Mr. Murray, from information collected from the natives, estimates the population of the banks of the Yukon at about one thousand men and boys able to hunt. They are distributed as follows. Between the upper branches of the river and the coast of the Pacific, on or near the 62d parallel, reside the Artez-kutchi, or "tough and hard people," numbering 100 men. The Tchŭ-kutchi, "people of the water," of about the same numbers, inhabit the banks of Deep River, a western affluent of the Yukon, opposite Comptroller’s Bay. The Tathzey-kutchi, "people of the ramparts," known to the traders and Canadian voyagers by the name of "Gens du Fou," number about 230 men, who are divided into four bands, the uppermost of which is called Trātzè-kutchi, "people of the fork of the river."[72] The Tathzey-kutchi inhabit a wide country, which extends from the sources of the Porcupine and Peel to those of the River of the Mountain-Men. They visit the Russians on the coast of the Pacific, and trade with the intervening tribes. The Indians of the lowlands at the influx of the Porcupine River, named Kutcha-kutchi, number 90 men. Further down the Yukon are the Zèkā-thaka, or Zi-unka-kutchi, "people on this side," or "middle people," numbering only 20 men. West of these reside the "people of the bluffs," Tanna-kutchi, 100 strong. And further down, at the influx of Russian River, are the Teytsè-kutchi, "people of the shade" or "shelter," of about 100 men.

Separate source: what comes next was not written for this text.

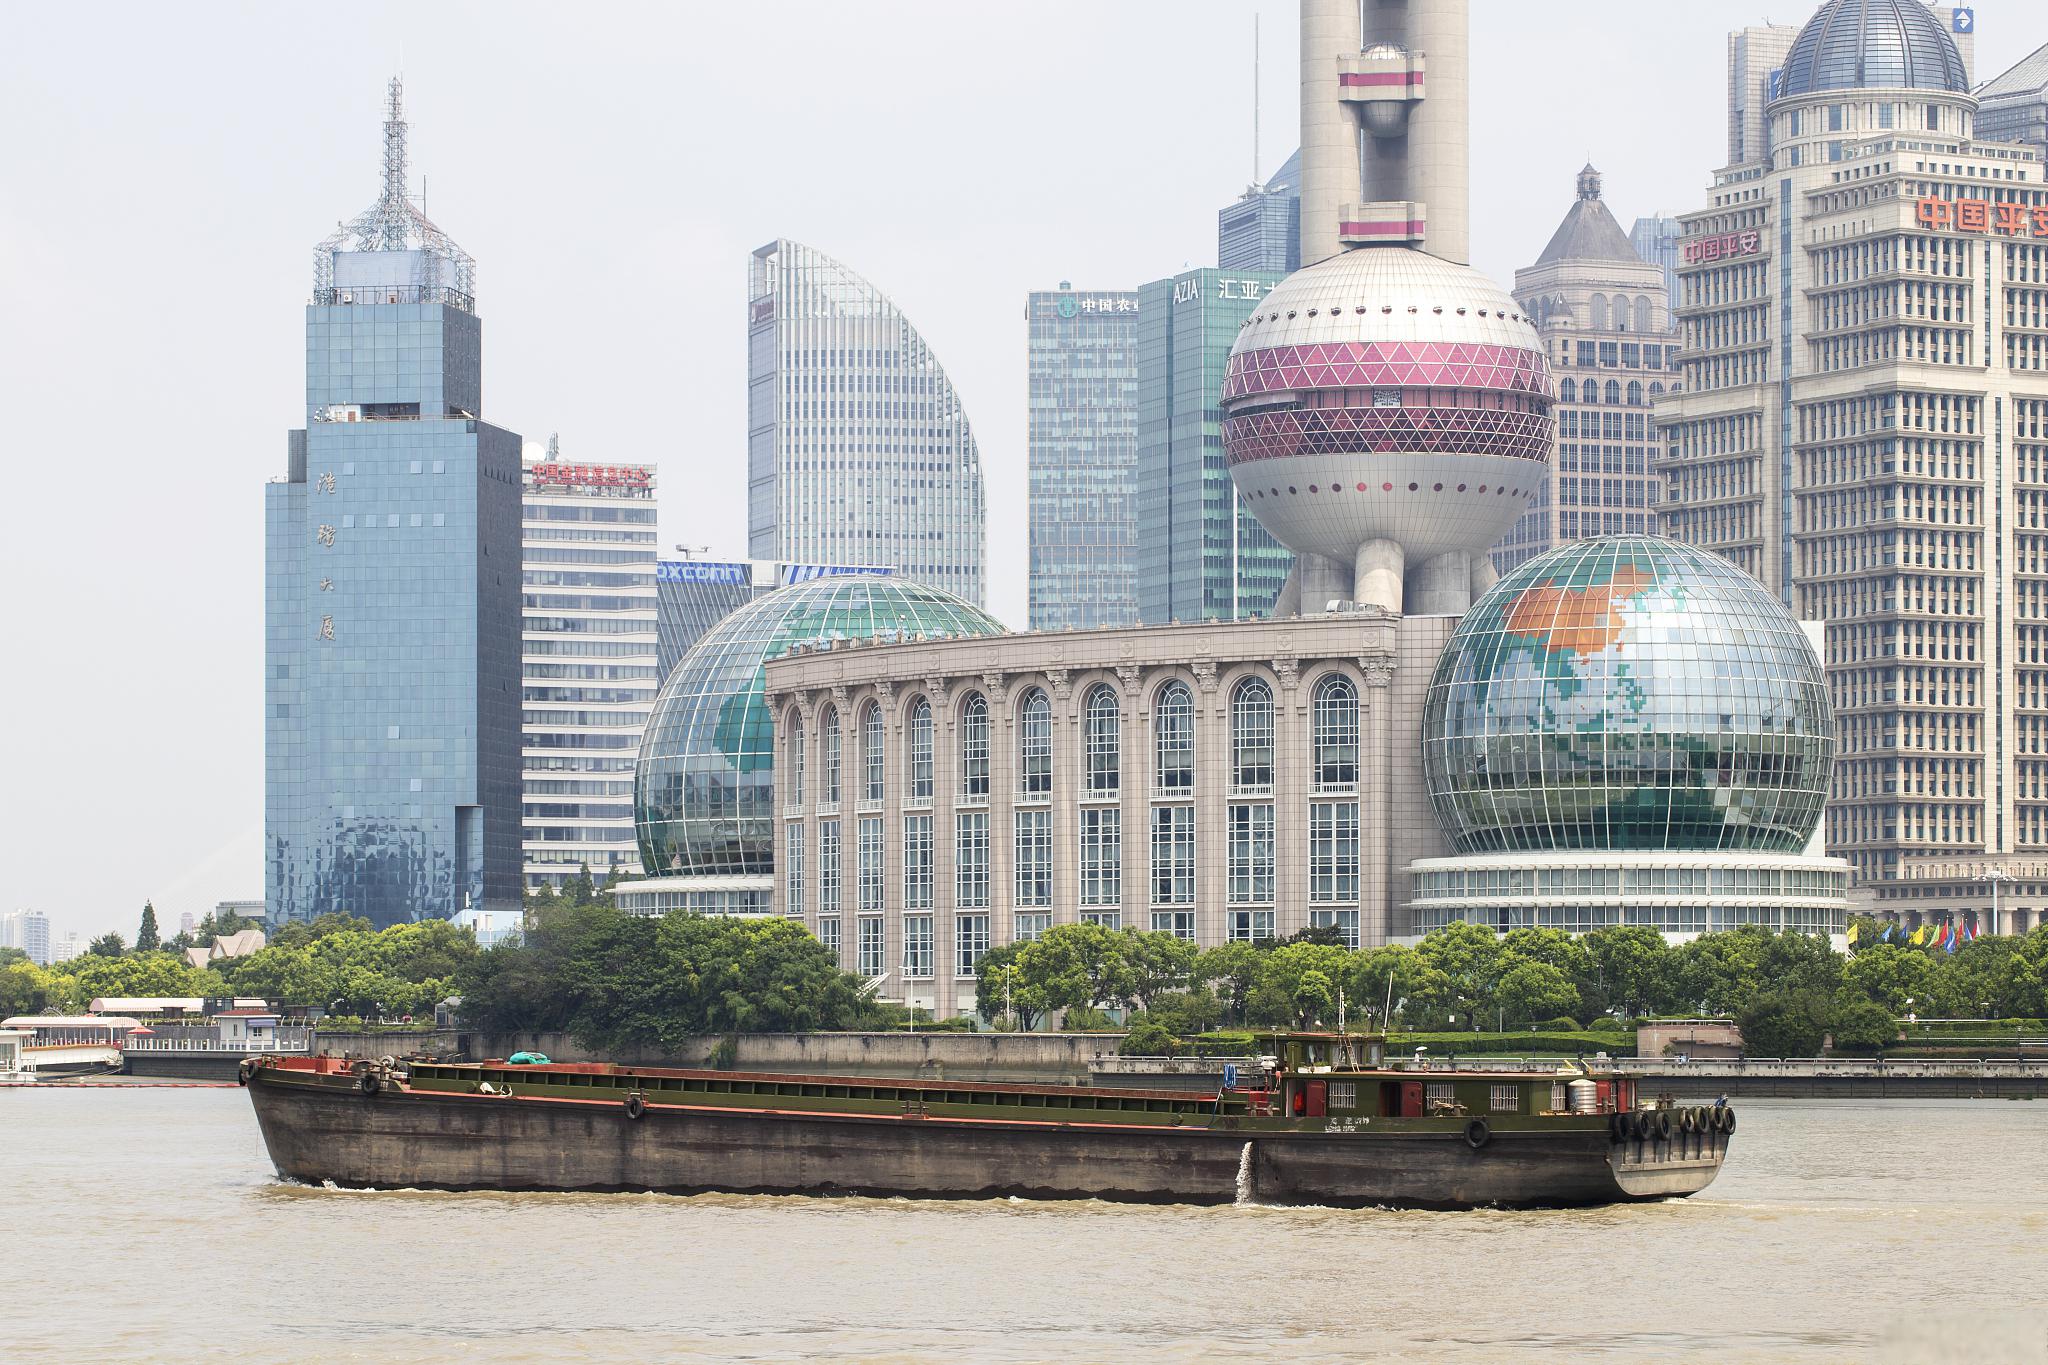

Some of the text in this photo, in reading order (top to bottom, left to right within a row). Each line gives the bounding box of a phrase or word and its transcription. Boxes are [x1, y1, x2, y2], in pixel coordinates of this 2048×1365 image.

[1684, 231, 1757, 264] 中国平安
[1173, 279, 1198, 304] AZIA
[532, 463, 649, 480] 中国金融信息中心

Nearer the mouth of the Yukon are two bands, usually called Tlagga-silla, or "little dogs," but not by themselves. These trade their furs with the Kuwichpack-meuten, mentioned in a preceding page.[73] The banks of the Porcupine and country on the north of it belong to the Vanta-kutchi, "people of the lakes," having 80 men; and to another band, named Neyetsè-kutchi, "people of the open country," who have 40 men.
Though the short Kutchin vocabulary formed by Mr. Murray, which will be printed in the Appendix, contains some Eskimo words, the language, as far as one can judge from so brief an example, is more nearly related to the 'Tinnè. How far the Kutchin are to be considered as actually a distinct nation from the 'Tinnè or Chepewyans, must be decided hereafter when their two languages are better known.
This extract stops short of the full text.